Tag: fare

  • ‘How maritime sector will fare in 2018, 2019’

    ‘How maritime sector will fare in 2018, 2019’

    The 2018/2019 forecast on the maritime sector is of a growth of between 2.5 and 5 per cent. However, red flags are also raised on factors that can stall the growth, writes OLUKOREDE YISHAU.

    Dr. Doyin Salami, a lecturer at the Lagos Business School, wore his analytical cap well on Tuesday. Salami found himself reviewing the 2018-2019 forecasts on the maritime sector. The scholar, who noted that forecasts were essential tools for growing an industry, pointed out that the gaps in the sector must be filled by policy makers to realise its potentials. He urged investors, local and international to take the forecast serious as a way of enhancing the growth of their businesses.

    The Nigerian Maritime Industry Forecast for 2018 and 2019, the first of its kind in the sector, is aimed at serving as a compass for those willing to do business in the country’s maritime domain. The forecast reviewed developments in the industry last year, shows expected developments in policy and regulatory environment for the maritime sector in 2018 and 2019 and looks at emerging opportunities and challenges for the industry.

    The forecasts highlight key drivers of the sector, such as geographic factor, availability of skilled labour force, an efficient and effective regulatory environment, manpower and human capacity development, maritime infrastructural development, globalisation and new technology amongst others.

    Salami’s take was not radically different from the Secretary General of the Abuja Memorandum of Understanding (MoU) and former Director-General of the Nigerian Maritime Administration and Safety Agency (NIMASA), Mrs. Mfon Usoro. Usoro, a lawyer, commended the forecast as a great interaction with the industry players to move the sector forward. Furthermore, she also observed that the increased presence of NIMASA activities in the maritime sector of the West and Central Africa sub-region is an indication that the present leadership of the Agency is on course.

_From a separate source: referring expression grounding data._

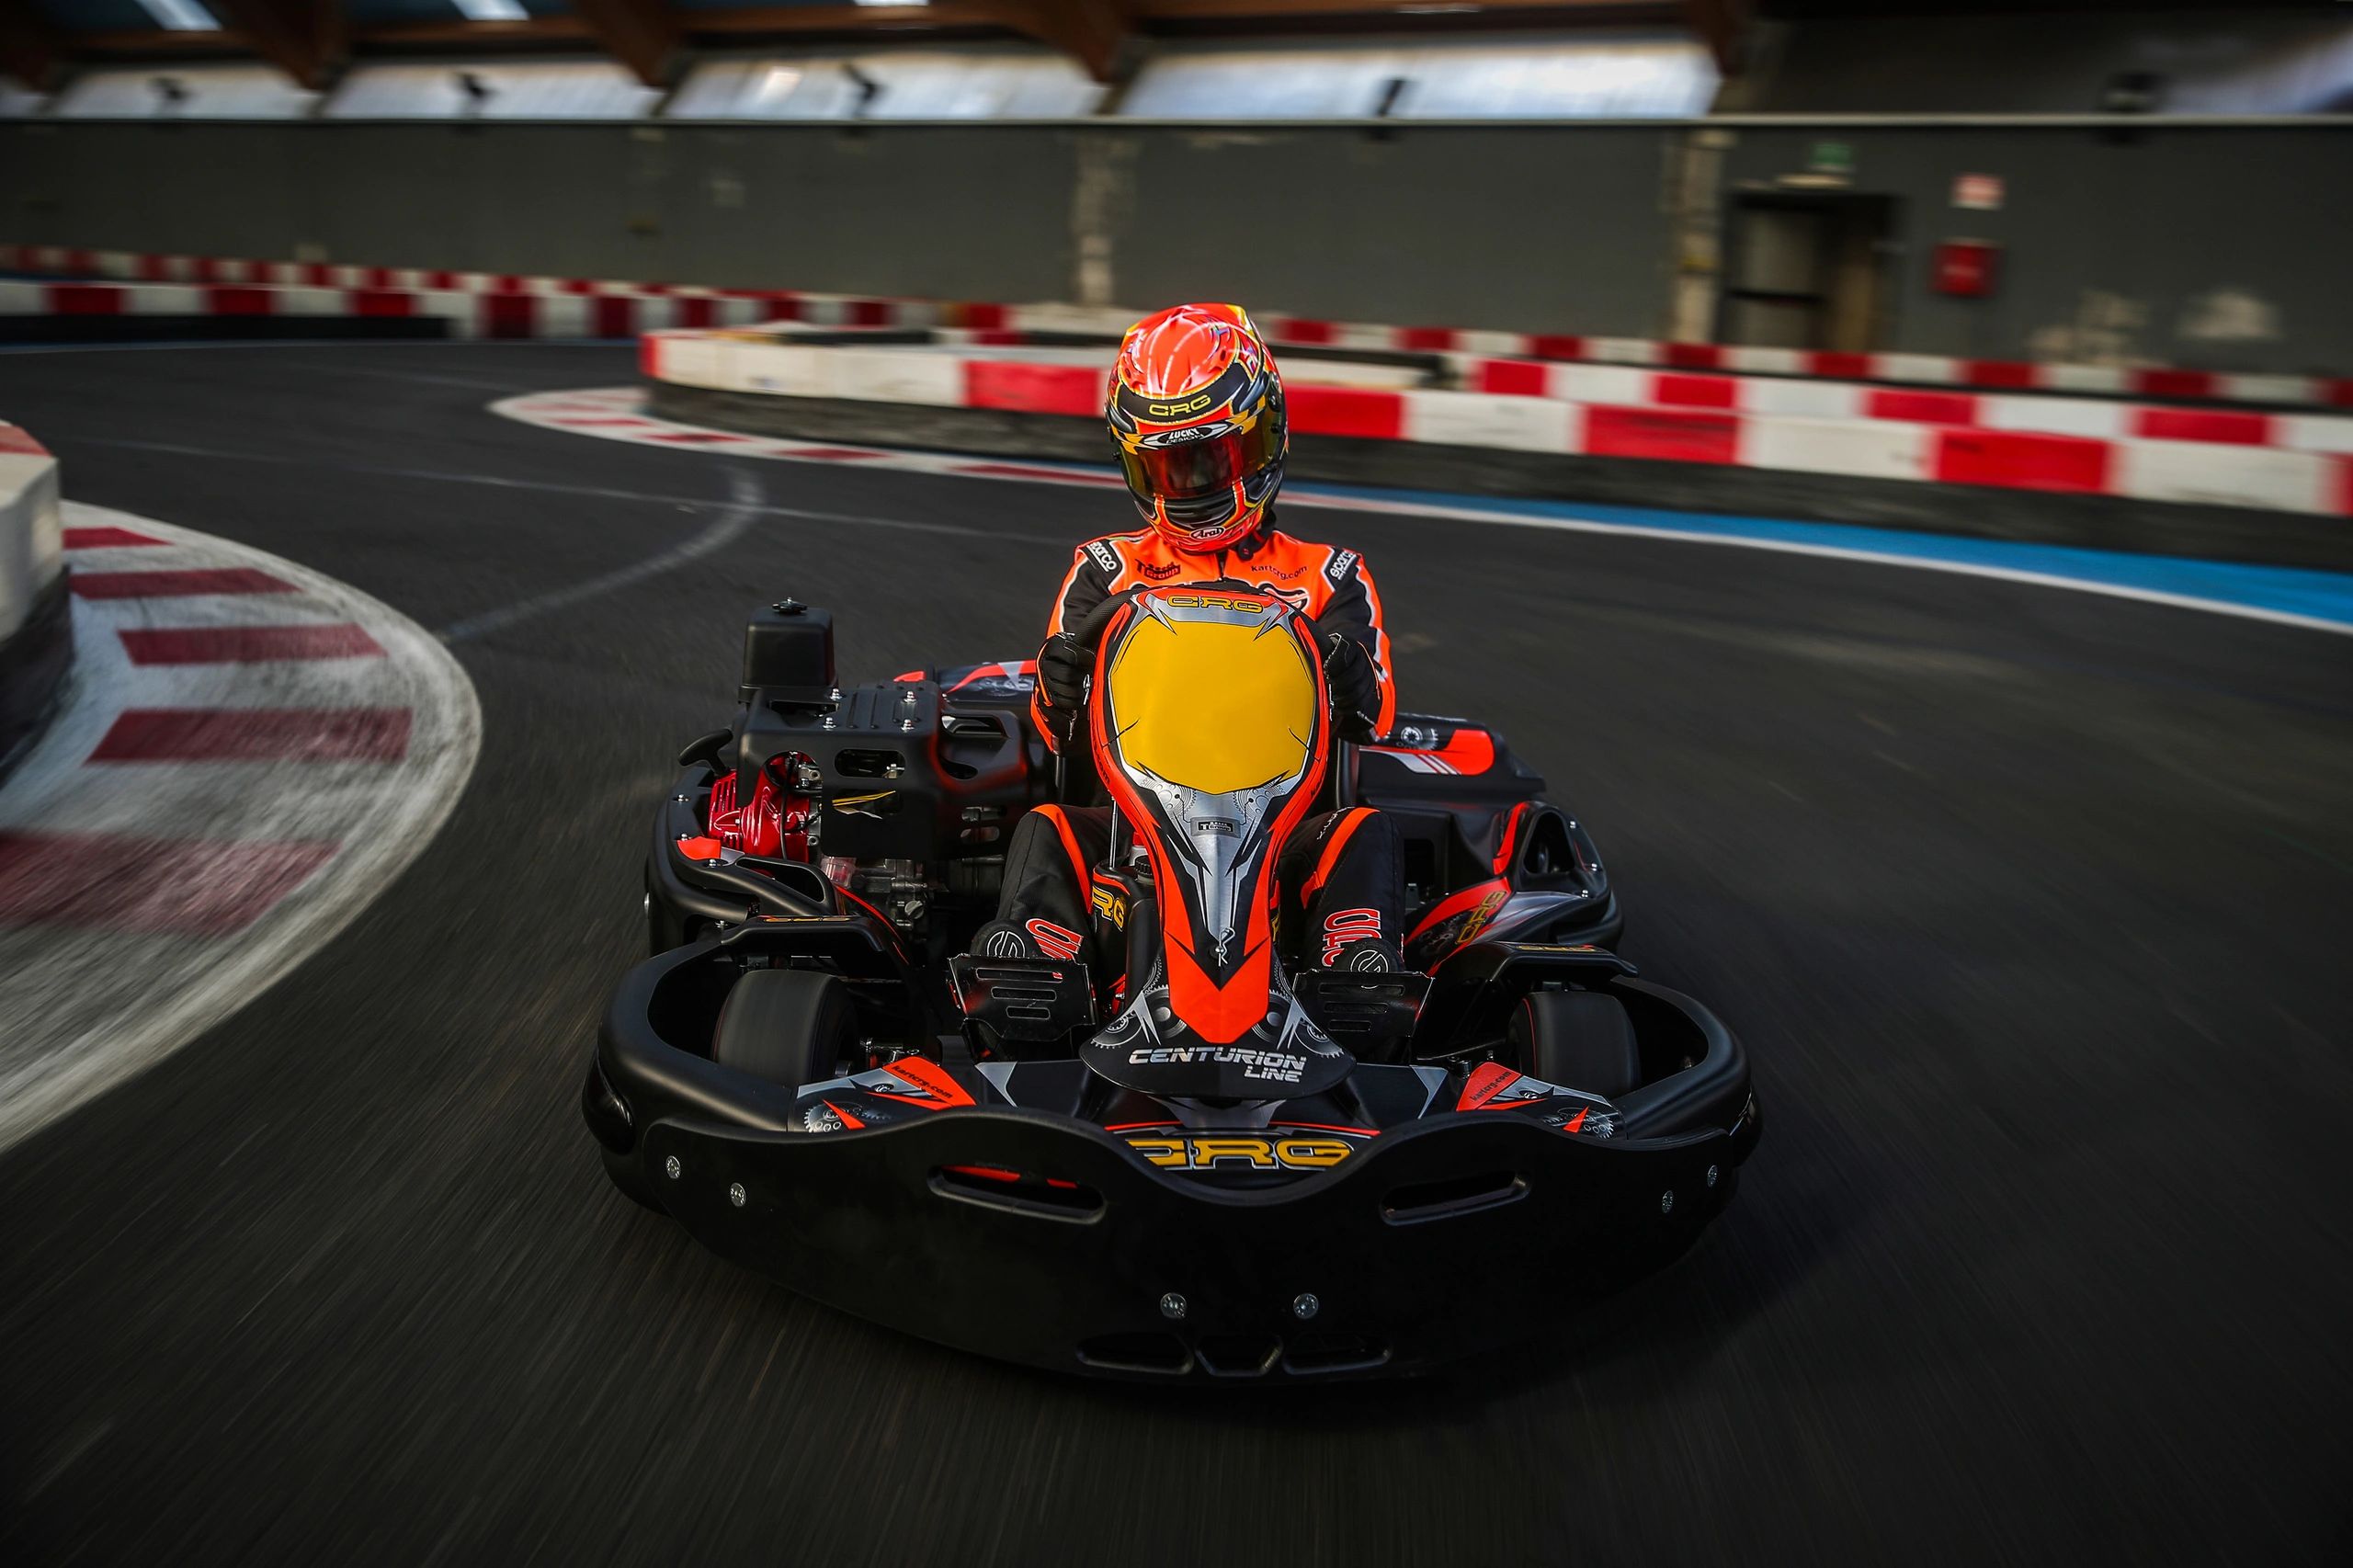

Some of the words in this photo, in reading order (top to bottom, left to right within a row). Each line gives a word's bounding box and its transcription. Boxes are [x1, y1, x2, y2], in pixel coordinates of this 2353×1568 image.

[1149, 394, 1211, 416] CRG
[1168, 427, 1199, 439] LUCKY
[1193, 528, 1222, 540] Arai
[1167, 596, 1263, 613] CRG
[1092, 885, 1126, 932] RG
[1456, 890, 1506, 944] CRG
[1129, 1046, 1307, 1071] CENTURION
[1244, 1066, 1302, 1083] LINE

    The duo spoke of a sector which plays a major role in the exploitation, distribution and export of Nigeria’s ocean resources and boasts of a total annual freight cost of between $5 and $6 billion dollars annually.

    Salami and Usoro took their positions in Lagos yesterday after NIMASA DG Dr. Dakuku Peterside presented maritime industry’s forecasts for this year and next year. The highlights of the forecasts   are: the maritime industry is projected to grow by 2.5 – 5 per cent; there will be more demands  for maritime services in Nigeria; total fleet size will grow by 4.08 per cent in 2018 and 4.41 per cent in 2019; oil tanker fleet size will decrease by 2.23 per cent in 2018 and increase by 1.7 per cent in 2019; non-oil tanker fleet size will increase by 8.15 per cent in 2018 and 8.72% in 2019 and the oil rig count will increase by 27.67 per cent in 2018 and 0 per cent in 2019.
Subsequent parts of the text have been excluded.